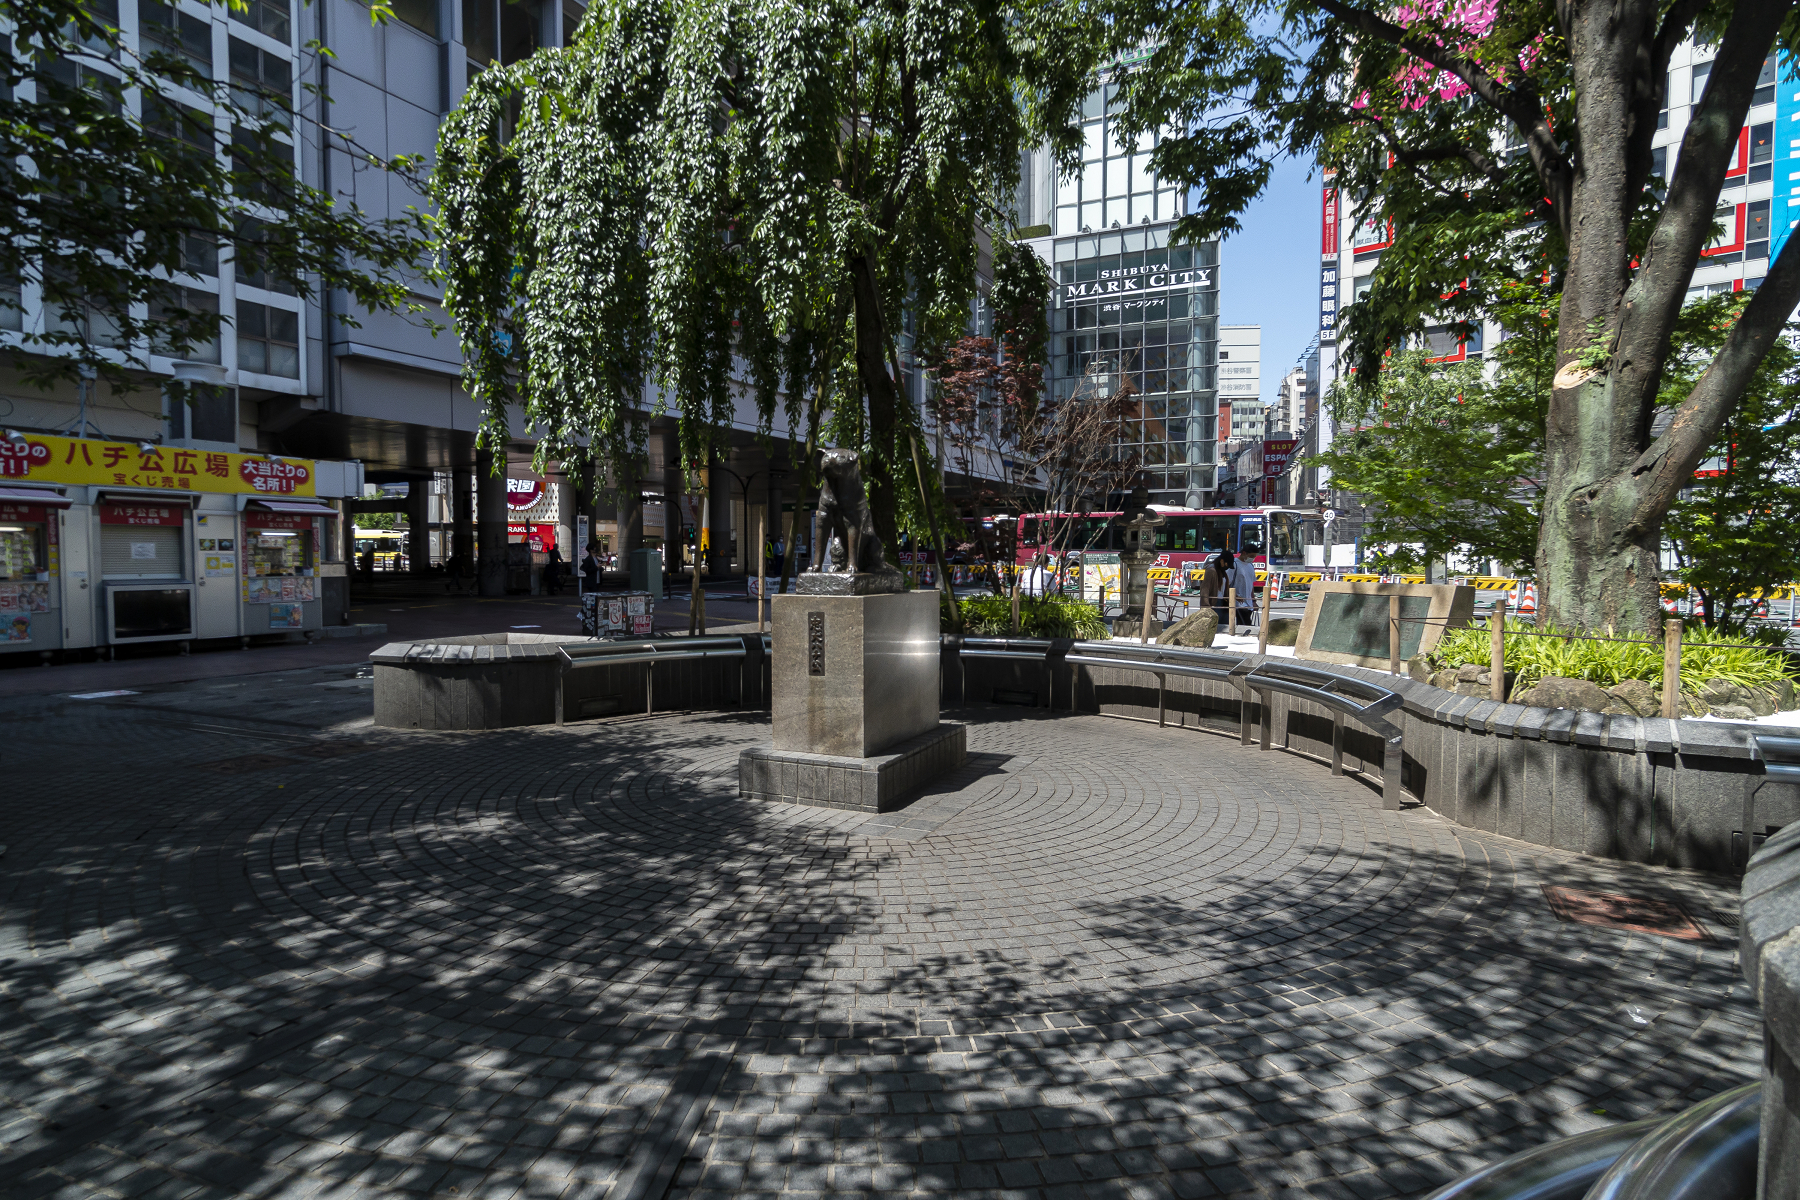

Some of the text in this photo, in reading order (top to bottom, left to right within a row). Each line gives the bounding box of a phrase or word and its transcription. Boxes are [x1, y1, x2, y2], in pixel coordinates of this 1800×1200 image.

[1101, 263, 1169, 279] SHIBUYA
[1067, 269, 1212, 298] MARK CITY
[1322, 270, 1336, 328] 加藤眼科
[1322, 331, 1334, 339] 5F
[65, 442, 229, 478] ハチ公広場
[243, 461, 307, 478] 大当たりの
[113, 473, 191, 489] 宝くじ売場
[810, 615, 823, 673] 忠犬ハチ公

######

- [What this task involves]: Transcribe every entry word for word, excluding images.

- [Exercise response]:
Some of the text in this photo, in reading order (top to bottom, left to right within a row). Each line gives the bounding box of a phrase or word and its transcription. Boxes are [x1, y1, x2, y2], in pixel coordinates of this 1800×1200 image.

[1101, 263, 1169, 279] SHIBUYA
[1067, 269, 1212, 298] MARK CITY
[1322, 270, 1336, 328] 加藤眼科
[1322, 331, 1334, 339] 5F
[65, 442, 229, 478] ハチ公広場
[243, 461, 307, 478] 大当たりの
[113, 473, 191, 489] 宝くじ売場
[810, 615, 823, 673] 忠犬ハチ公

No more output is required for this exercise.